Please don't confuse latency (ping) for bandwidth

Christopher Chavez chrischavez at gmx.us
Fri Jul 10 13:49:55 UTC 2020


In https://trac.macports.org/ticket/60509 it is explained that MacPorts
uses pings to find nearby servers, and it is claimed nearby servers will
likely be the fastest.

I'm not a network engineer, but can say this claim is a myth. The
purpose of ping is to measure latency, not bandwidth. Yes, sufficiently
low bandwidth will increase ping time.

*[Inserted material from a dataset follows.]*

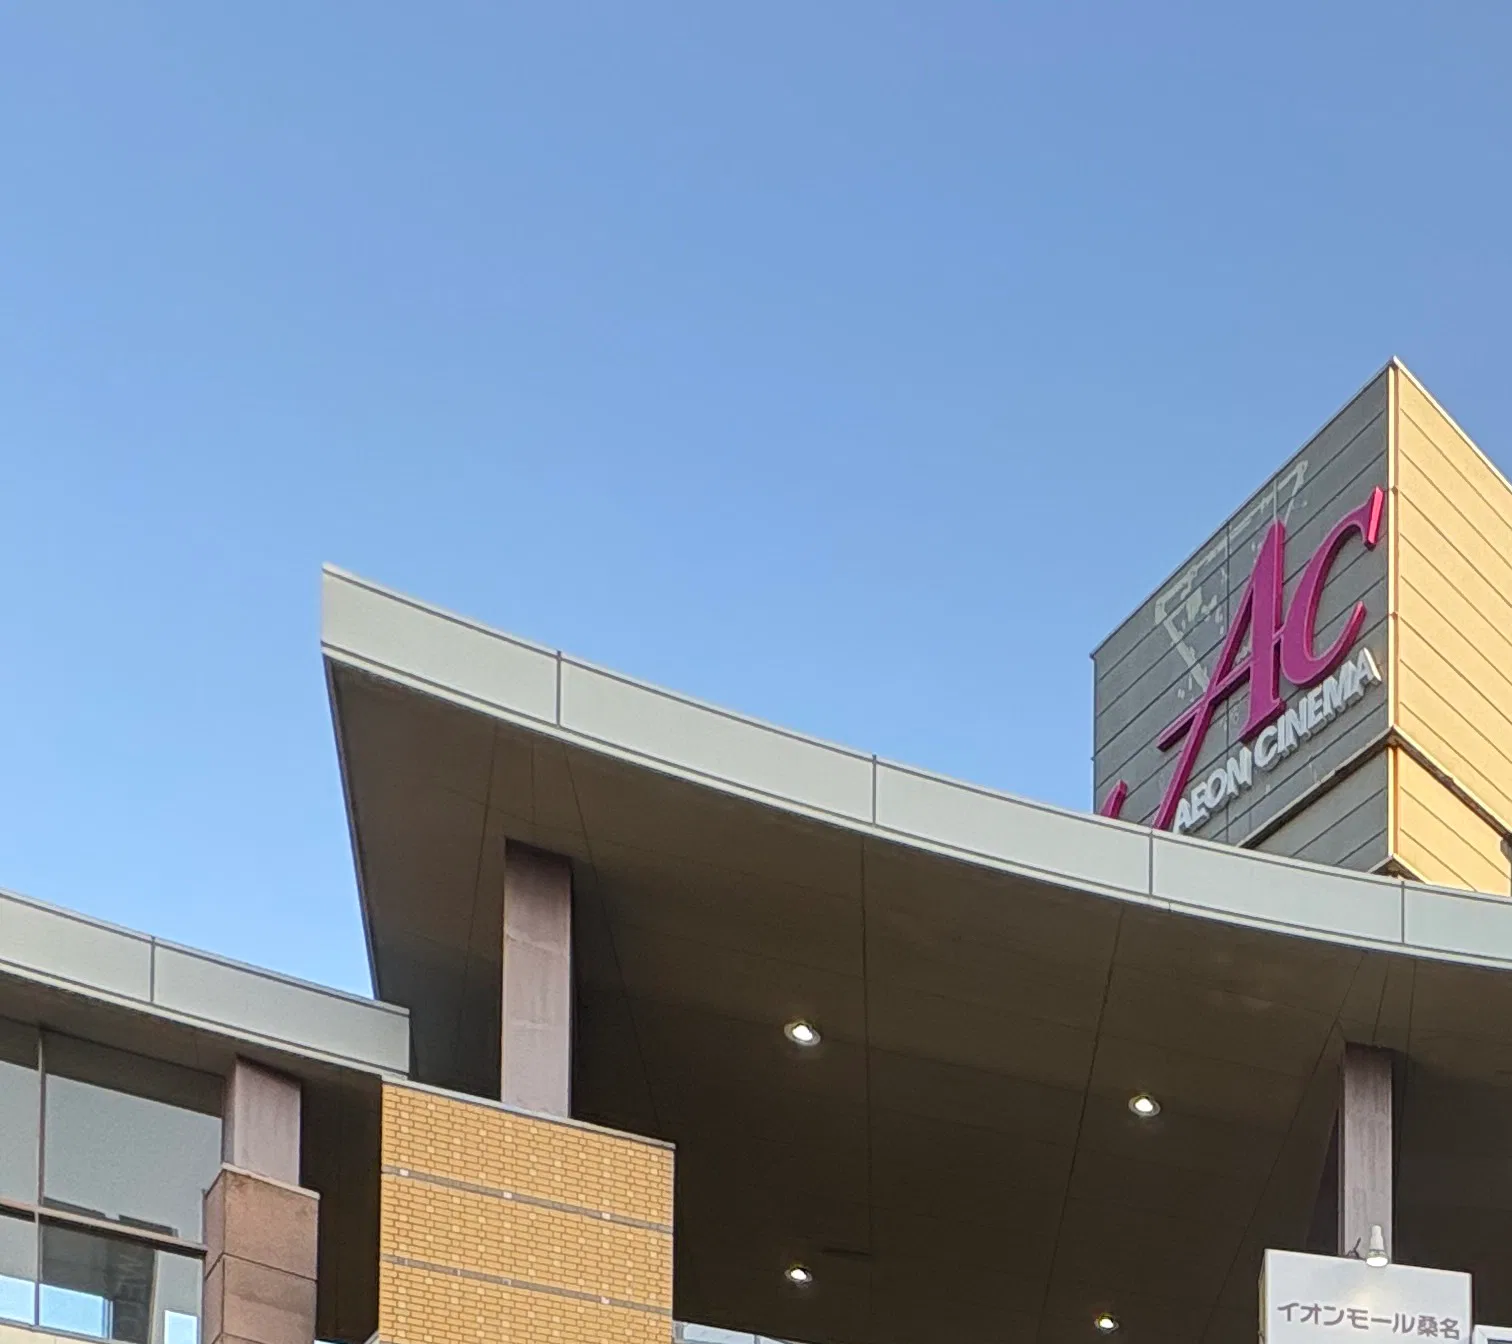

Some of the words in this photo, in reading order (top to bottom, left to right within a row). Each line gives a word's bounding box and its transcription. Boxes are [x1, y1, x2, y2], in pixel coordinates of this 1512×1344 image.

But measuring bandwidth directly
involves something else besides pings, such as transferring a
sufficiently large amount of data and timing how long it takes to do so.

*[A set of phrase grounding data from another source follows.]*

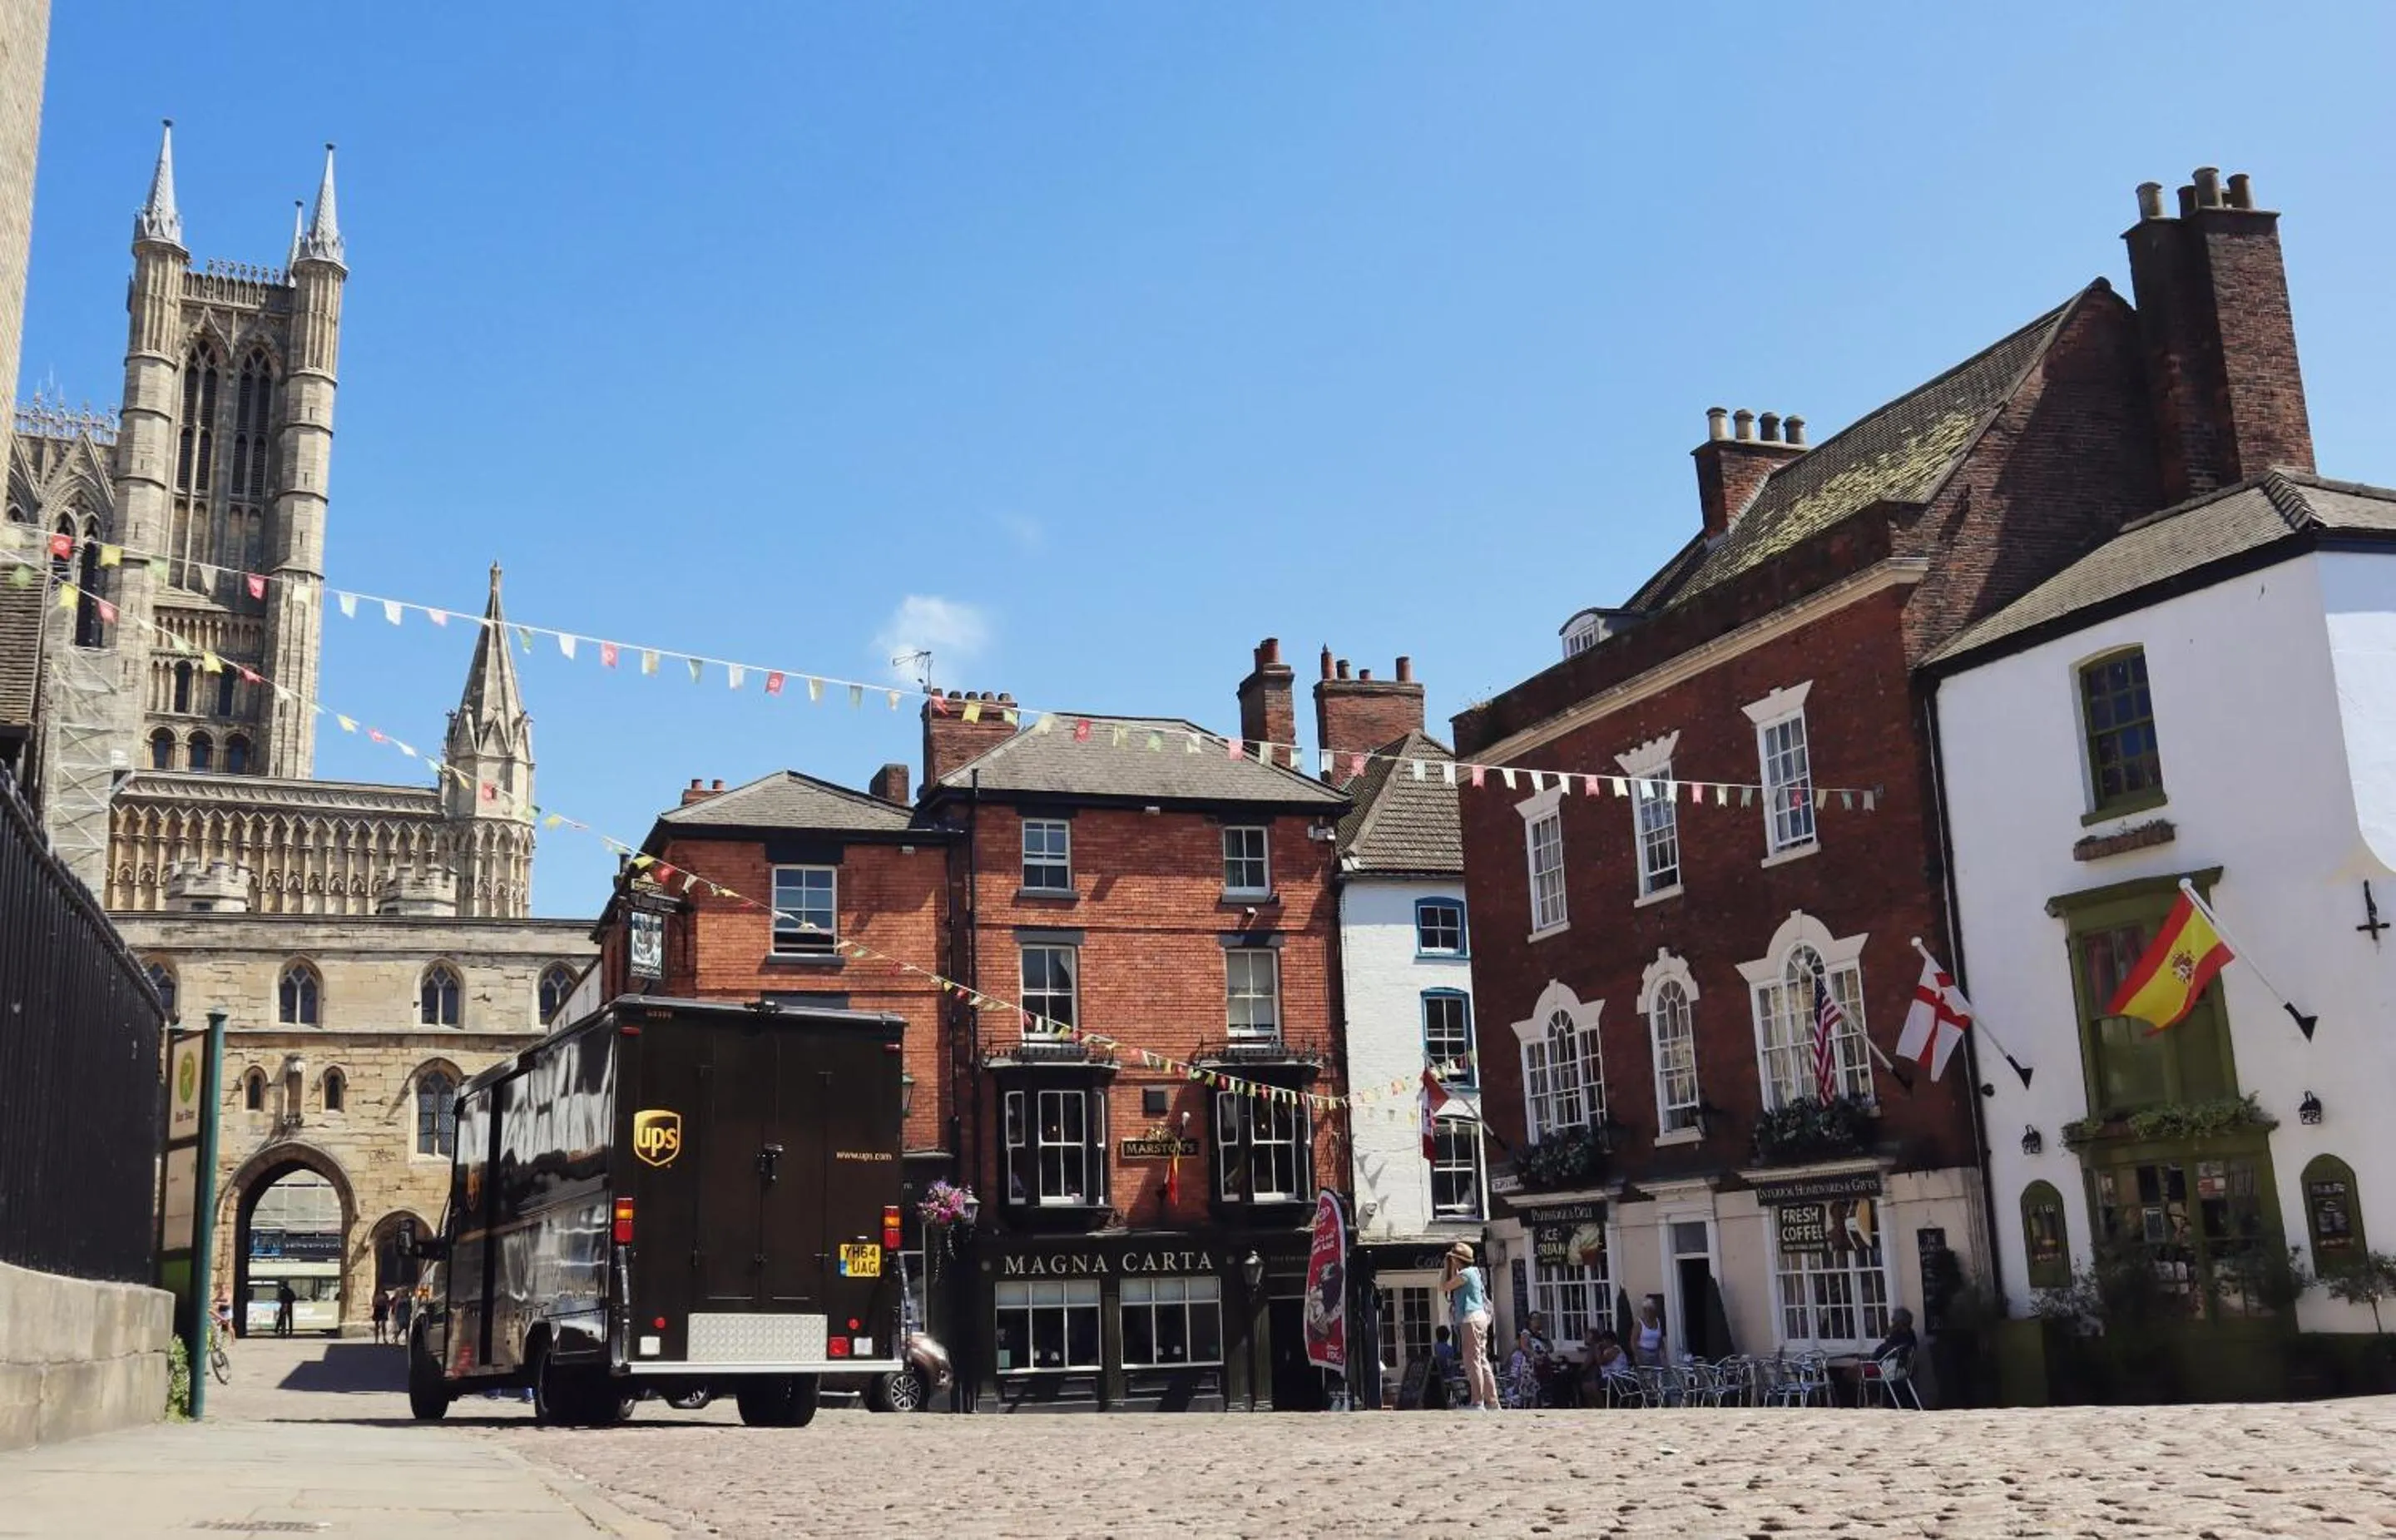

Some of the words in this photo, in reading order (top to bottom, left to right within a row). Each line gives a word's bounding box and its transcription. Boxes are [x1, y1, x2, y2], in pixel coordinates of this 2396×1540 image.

[638, 1127, 676, 1156] ups
[836, 1151, 892, 1161] www.ups.com
[1782, 1207, 1819, 1224] FRESH
[1543, 1228, 1558, 1241] ICE
[1782, 1225, 1824, 1242] COFFEE
[844, 1245, 876, 1259] YH64
[852, 1260, 876, 1275] UAG
[1004, 1254, 1109, 1275] MAGNA
[1122, 1251, 1213, 1272] CARTA

I'm fine with MacPorts claiming to use pings to find nearby servers, but
it should not make or repeat the claim that doing so will do a good job
of finding the fastest server.


Anecdote: for some time, even though I typically use a 60Mbps+ Internet
connection (Spectrum) and live ~100km (>30ms) away from the MacPorts
servers in Austin, TX, I've opted to not use the UT Austin servers
(~1MiBps) because other MacPorts servers such as ykf.ca.*.macports.org
(>60ms away) are far faster (~6MiBps, or about as fast as my connection
can go). I've also configured MacPorts to prefer downloading distfiles
from often-faster CDNs for projects on SourceForge, etc., even though
they may be several times farther away than my regional MacPorts
distfile mirror, and some of which aren't pingable. (I wonder if
MacPorts should even be in the business of defeating the purpose of
these CDNs, but I would expect to be told MacPorts has learned to
distrust upstream projects with hosting distfiles properly.)